## What you will do
Copy the data exactly.
--- Data under study Enclosed Below ---
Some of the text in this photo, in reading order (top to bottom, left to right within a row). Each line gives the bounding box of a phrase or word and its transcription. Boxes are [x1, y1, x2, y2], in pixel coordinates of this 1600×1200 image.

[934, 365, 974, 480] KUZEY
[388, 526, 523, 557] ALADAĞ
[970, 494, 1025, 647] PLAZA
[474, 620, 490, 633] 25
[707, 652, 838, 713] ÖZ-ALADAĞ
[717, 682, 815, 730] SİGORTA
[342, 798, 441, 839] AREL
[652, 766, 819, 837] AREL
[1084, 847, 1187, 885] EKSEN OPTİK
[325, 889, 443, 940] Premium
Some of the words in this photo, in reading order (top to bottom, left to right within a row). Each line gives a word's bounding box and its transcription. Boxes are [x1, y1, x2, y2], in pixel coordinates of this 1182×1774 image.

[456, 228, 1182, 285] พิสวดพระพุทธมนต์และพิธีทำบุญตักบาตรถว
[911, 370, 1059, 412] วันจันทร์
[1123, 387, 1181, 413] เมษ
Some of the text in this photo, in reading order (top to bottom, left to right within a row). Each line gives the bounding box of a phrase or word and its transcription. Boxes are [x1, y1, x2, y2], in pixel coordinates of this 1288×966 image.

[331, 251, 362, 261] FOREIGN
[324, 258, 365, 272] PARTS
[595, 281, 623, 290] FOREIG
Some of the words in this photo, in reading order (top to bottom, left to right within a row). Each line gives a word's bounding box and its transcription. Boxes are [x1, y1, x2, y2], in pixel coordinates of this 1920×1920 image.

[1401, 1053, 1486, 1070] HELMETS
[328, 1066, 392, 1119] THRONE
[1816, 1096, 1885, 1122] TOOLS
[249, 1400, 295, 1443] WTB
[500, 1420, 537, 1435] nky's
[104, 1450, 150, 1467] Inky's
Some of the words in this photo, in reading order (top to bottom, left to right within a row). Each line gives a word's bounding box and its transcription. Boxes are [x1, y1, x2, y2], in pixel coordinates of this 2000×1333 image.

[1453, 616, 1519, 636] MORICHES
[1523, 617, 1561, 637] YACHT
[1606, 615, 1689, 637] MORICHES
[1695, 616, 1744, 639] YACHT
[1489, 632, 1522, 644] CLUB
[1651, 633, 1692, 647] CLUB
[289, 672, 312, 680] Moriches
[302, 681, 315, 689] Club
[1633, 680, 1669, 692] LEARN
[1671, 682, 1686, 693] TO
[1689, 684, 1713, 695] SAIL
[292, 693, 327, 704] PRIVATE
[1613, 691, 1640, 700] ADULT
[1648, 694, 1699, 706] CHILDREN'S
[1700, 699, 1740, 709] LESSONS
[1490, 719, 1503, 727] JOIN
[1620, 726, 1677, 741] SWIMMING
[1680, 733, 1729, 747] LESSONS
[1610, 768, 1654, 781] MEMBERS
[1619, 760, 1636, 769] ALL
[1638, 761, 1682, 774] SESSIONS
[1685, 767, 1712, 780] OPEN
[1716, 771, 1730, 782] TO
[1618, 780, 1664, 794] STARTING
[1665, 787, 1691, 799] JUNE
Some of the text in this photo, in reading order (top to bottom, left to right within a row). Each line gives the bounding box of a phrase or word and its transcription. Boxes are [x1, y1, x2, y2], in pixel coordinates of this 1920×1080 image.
--- End of Enclosed Data under study ---
## Output for this task
Some of the text in this photo, in reading order (top to bottom, left to right within a row). Each line gives the bounding box of a phrase or word and its transcription. Boxes are [x1, y1, x2, y2], in pixel coordinates of this 1600×1200 image.

[934, 365, 974, 480] KUZEY
[388, 526, 523, 557] ALADAĞ
[970, 494, 1025, 647] PLAZA
[474, 620, 490, 633] 25
[707, 652, 838, 713] ÖZ-ALADAĞ
[717, 682, 815, 730] SİGORTA
[342, 798, 441, 839] AREL
[652, 766, 819, 837] AREL
[1084, 847, 1187, 885] EKSEN OPTİK
[325, 889, 443, 940] Premium
Some of the words in this photo, in reading order (top to bottom, left to right within a row). Each line gives a word's bounding box and its transcription. Boxes are [x1, y1, x2, y2], in pixel coordinates of this 1182×1774 image.

[456, 228, 1182, 285] พิสวดพระพุทธมนต์และพิธีทำบุญตักบาตรถว
[911, 370, 1059, 412] วันจันทร์
[1123, 387, 1181, 413] เมษ
Some of the text in this photo, in reading order (top to bottom, left to right within a row). Each line gives the bounding box of a phrase or word and its transcription. Boxes are [x1, y1, x2, y2], in pixel coordinates of this 1288×966 image.

[331, 251, 362, 261] FOREIGN
[324, 258, 365, 272] PARTS
[595, 281, 623, 290] FOREIG
Some of the words in this photo, in reading order (top to bottom, left to right within a row). Each line gives a word's bounding box and its transcription. Boxes are [x1, y1, x2, y2], in pixel coordinates of this 1920×1920 image.

[1401, 1053, 1486, 1070] HELMETS
[328, 1066, 392, 1119] THRONE
[1816, 1096, 1885, 1122] TOOLS
[249, 1400, 295, 1443] WTB
[500, 1420, 537, 1435] nky's
[104, 1450, 150, 1467] Inky's
Some of the words in this photo, in reading order (top to bottom, left to right within a row). Each line gives a word's bounding box and its transcription. Boxes are [x1, y1, x2, y2], in pixel coordinates of this 2000×1333 image.

[1453, 616, 1519, 636] MORICHES
[1523, 617, 1561, 637] YACHT
[1606, 615, 1689, 637] MORICHES
[1695, 616, 1744, 639] YACHT
[1489, 632, 1522, 644] CLUB
[1651, 633, 1692, 647] CLUB
[289, 672, 312, 680] Moriches
[302, 681, 315, 689] Club
[1633, 680, 1669, 692] LEARN
[1671, 682, 1686, 693] TO
[1689, 684, 1713, 695] SAIL
[292, 693, 327, 704] PRIVATE
[1613, 691, 1640, 700] ADULT
[1648, 694, 1699, 706] CHILDREN'S
[1700, 699, 1740, 709] LESSONS
[1490, 719, 1503, 727] JOIN
[1620, 726, 1677, 741] SWIMMING
[1680, 733, 1729, 747] LESSONS
[1610, 768, 1654, 781] MEMBERS
[1619, 760, 1636, 769] ALL
[1638, 761, 1682, 774] SESSIONS
[1685, 767, 1712, 780] OPEN
[1716, 771, 1730, 782] TO
[1618, 780, 1664, 794] STARTING
[1665, 787, 1691, 799] JUNE
Some of the text in this photo, in reading order (top to bottom, left to right within a row). Each line gives the bounding box of a phrase or word and its transcription. Boxes are [x1, y1, x2, y2], in pixel coordinates of this 1920×1080 image.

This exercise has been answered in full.